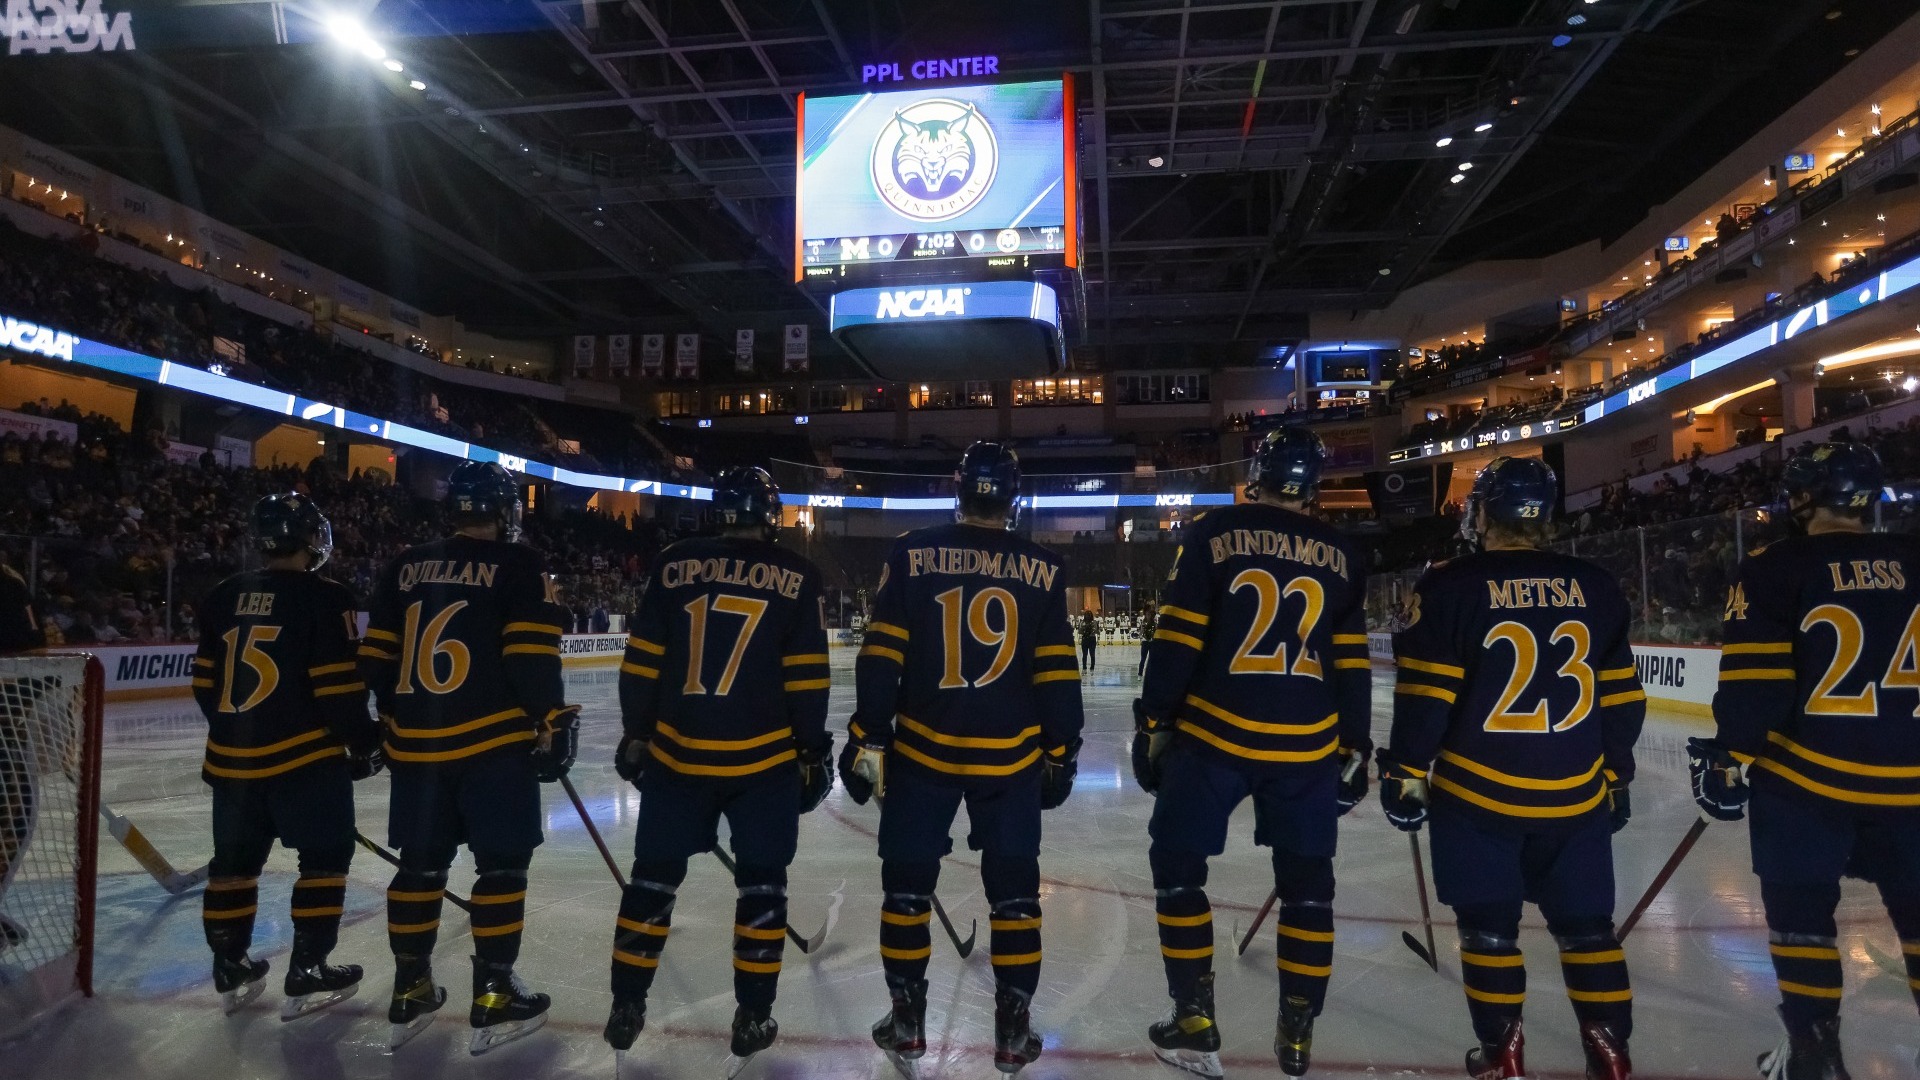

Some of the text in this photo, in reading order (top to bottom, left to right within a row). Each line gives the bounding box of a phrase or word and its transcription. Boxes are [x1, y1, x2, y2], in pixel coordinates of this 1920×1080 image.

[862, 55, 1000, 83] PPL CENTER
[884, 179, 983, 213] QUINNIPIAC
[840, 232, 985, 261] M 0 7:02 0
[913, 249, 938, 257] PERIOD
[988, 258, 1016, 266] PENALTY
[1441, 441, 1453, 453] M
[1478, 432, 1496, 442] 7:02
[976, 482, 992, 494] 19
[1281, 484, 1300, 495] 22
[1850, 494, 1869, 506] 24
[460, 500, 473, 511] 16
[1521, 505, 1540, 518] 23
[263, 540, 276, 549] 15
[399, 560, 499, 592] QUILLAN
[662, 557, 804, 600] CIPOLLONE
[908, 547, 1059, 592] FRIEDMANN
[1828, 559, 1906, 592] LESS
[234, 592, 276, 616] LEE
[1487, 577, 1587, 610] METSA
[934, 585, 1019, 690] 19
[1228, 567, 1325, 682] 22
[395, 599, 471, 695] 16
[569, 638, 596, 654] HOCKEY
[682, 593, 769, 697] 17
[217, 624, 283, 714] 15
[1799, 603, 1920, 718] 24
[1482, 619, 1595, 734] 23

____________________

### Action item
Without any pictures, output the entries above exactly as they appear.

### Expected answer
Some of the text in this photo, in reading order (top to bottom, left to right within a row). Each line gives the bounding box of a phrase or word and its transcription. Boxes are [x1, y1, x2, y2], in pixel coordinates of this 1920×1080 image.

[862, 55, 1000, 83] PPL CENTER
[884, 179, 983, 213] QUINNIPIAC
[840, 232, 985, 261] M 0 7:02 0
[913, 249, 938, 257] PERIOD
[988, 258, 1016, 266] PENALTY
[1441, 441, 1453, 453] M
[1478, 432, 1496, 442] 7:02
[976, 482, 992, 494] 19
[1281, 484, 1300, 495] 22
[1850, 494, 1869, 506] 24
[460, 500, 473, 511] 16
[1521, 505, 1540, 518] 23
[263, 540, 276, 549] 15
[399, 560, 499, 592] QUILLAN
[662, 557, 804, 600] CIPOLLONE
[908, 547, 1059, 592] FRIEDMANN
[1828, 559, 1906, 592] LESS
[234, 592, 276, 616] LEE
[1487, 577, 1587, 610] METSA
[934, 585, 1019, 690] 19
[1228, 567, 1325, 682] 22
[395, 599, 471, 695] 16
[569, 638, 596, 654] HOCKEY
[682, 593, 769, 697] 17
[217, 624, 283, 714] 15
[1799, 603, 1920, 718] 24
[1482, 619, 1595, 734] 23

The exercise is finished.